Melissa stared awkwardly, her bottom lip quivering. “John, that’s impossible; she died on the way to the hospital!”
Suddenly, I no longer cared whose heart I’d been given. I slowly released my sister’s hand, which I hadn’t realized until now that I’d had a tight grip upon, as I numbly lay back. This was a nightmare. I had to be dreaming.
“Please, dear God let me wake up. This has to be a nightmare,” I begged, but no answer came, other than Melissa’s light squeeze on my forearm.
“John, there’s more,” she whispered more softly. “Christina had a donor card.”
I slowly tilted my head to stare at her, bitter tears beginning to sting my eyes. “A-are you saying she…?”
She nodded. I could no longer hold back the floodgate and burst into tears. Melissa leaned close and wrapped me in a tight hug, carefully avoiding the tubes in my clean-shaven chest even as I weakly buried myself in her shoulder. Christina kept her promise. She gave me her heart, but at a terrible cost to us both.
I found it incredibly difficult to think about anything over the following week, but how much I would miss Christina. Even as adults she had always been there for me with a smile and a hug. To add to it, I felt horribly guilty that I could live on at the expense of her life.

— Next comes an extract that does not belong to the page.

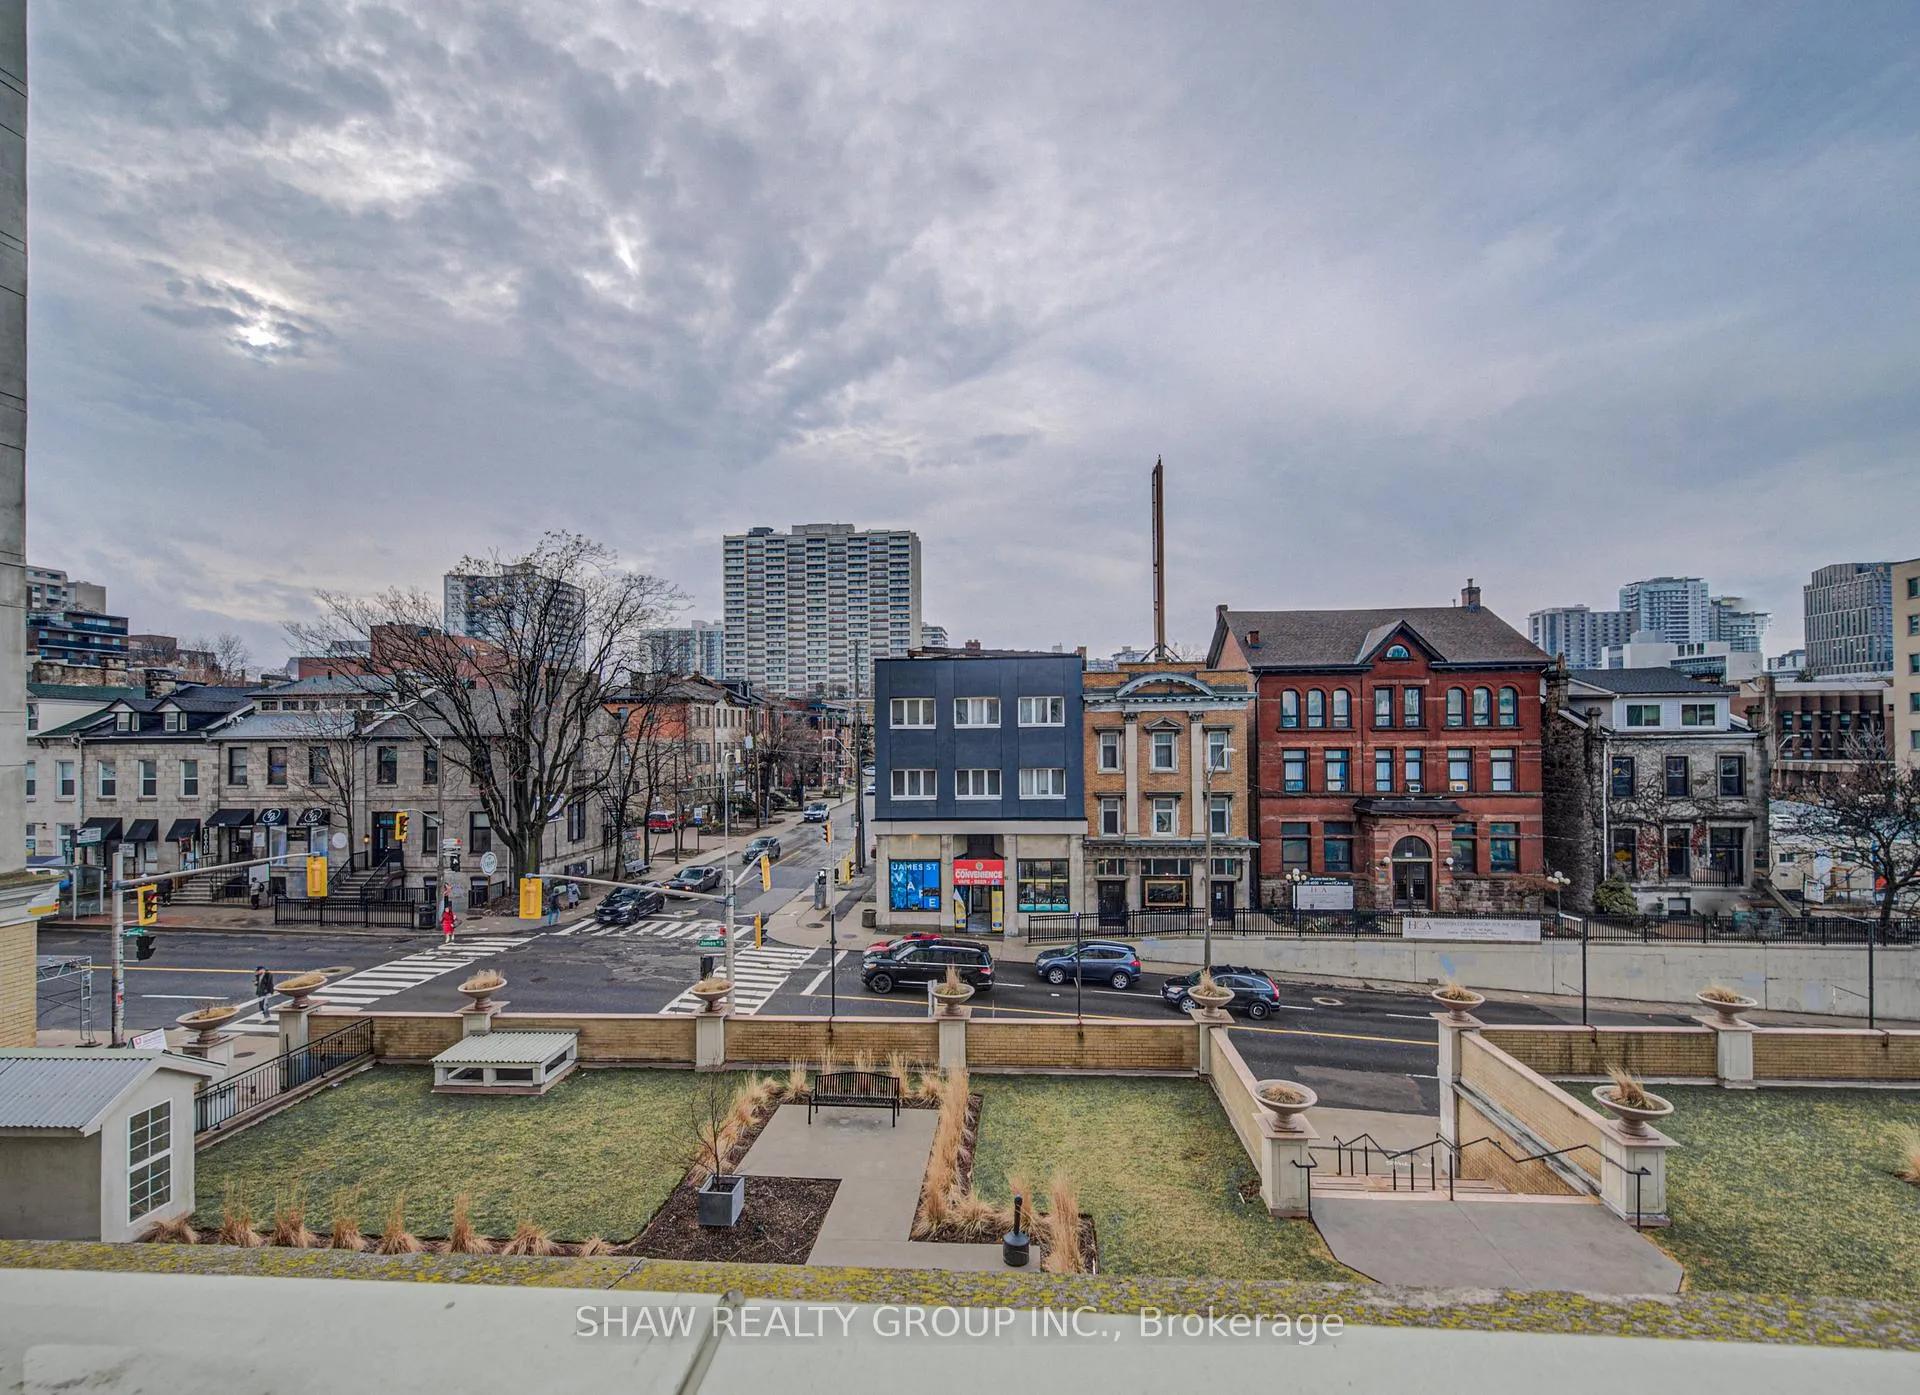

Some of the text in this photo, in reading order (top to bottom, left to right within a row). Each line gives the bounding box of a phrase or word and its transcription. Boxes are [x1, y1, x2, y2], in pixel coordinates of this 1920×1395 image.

[893, 863, 937, 871] JAMES ST
[955, 870, 1003, 879] CONVENIENCE

It was an accident. Accidents happen, but it still hurt deeply. Worst of all I couldn’t even attend her funeral because my doctors wanted to keep me under constant observation to ensure that the transplant was a success. I first started to notice the impulses about a week after the funeral, though.
It was such a subtle thing that at first, I literally gave no thought to it. I chalked it up to grief, to missing my best friend. The first thing I was going to do when I got out of that hospital was to visit her grave, and apologize for not coming sooner, then maybe I could start to find some small semblance of peace. At the two week mark, I was finally discharged.
Christina’s parents had for the most part become my and Melissa’s parents. Mom died giving birth to Melissa, and we lost Dad five years ago from complications to what should have been a routine operation. Nancy, Christina’s mom, wanted to take me straight home, but I insisted they let me visit Christina first. I owed it to her.
I said before that I had begun to feel the strangest subtle impulses, and it’s true. As time passed they became more deeply nagging. I never truly felt compelled to do anything, so much as that it felt wrong NOT to do these things.
For example, when I would go to the bathroom and noticed my hairy legs, I felt a subtle compulsion to shave. When I’d clean my fingernails, I’d instinctively reach, expecting to find a bottle of fingernail polish on my bedside table, and more than once I thought of asking if I could borrow some of Melissa’s. Things like this, I chalked up to grief. It had to be my addled mind missing my dear friend.
The cemetery where they had laid her to rest moved me to tears in its beauty. They buried her in the shade of a large oak tree. Christina loved climbing trees when we were little, but never once, not once did she give me a hard time about not being able to join her. She’d scamper like a squirrel up to a high branch as I sat at the base and watched in awe.
I sat at the base of the ancient wooden behemoth that would now watch over her through eternity, and as I drew my knees closer, I stared at her grave marker. I rambled, ranted, babbled endlessly and incoherently at her, and when I could finally say no more, when I cried my last tear, I felt a gentle hand on my shoulder.
I looked up, hoping to see Christina, instead coming face to face with her kneeling mother, twin trails of tears rolling down her cheeks. She embraced me, and I turned to squeeze her tightly close. It felt ‘right’ somehow. Being held like that, crying into her arms felt right on so many unexplainable levels. Before, she had been more like a favorite aunt, but now…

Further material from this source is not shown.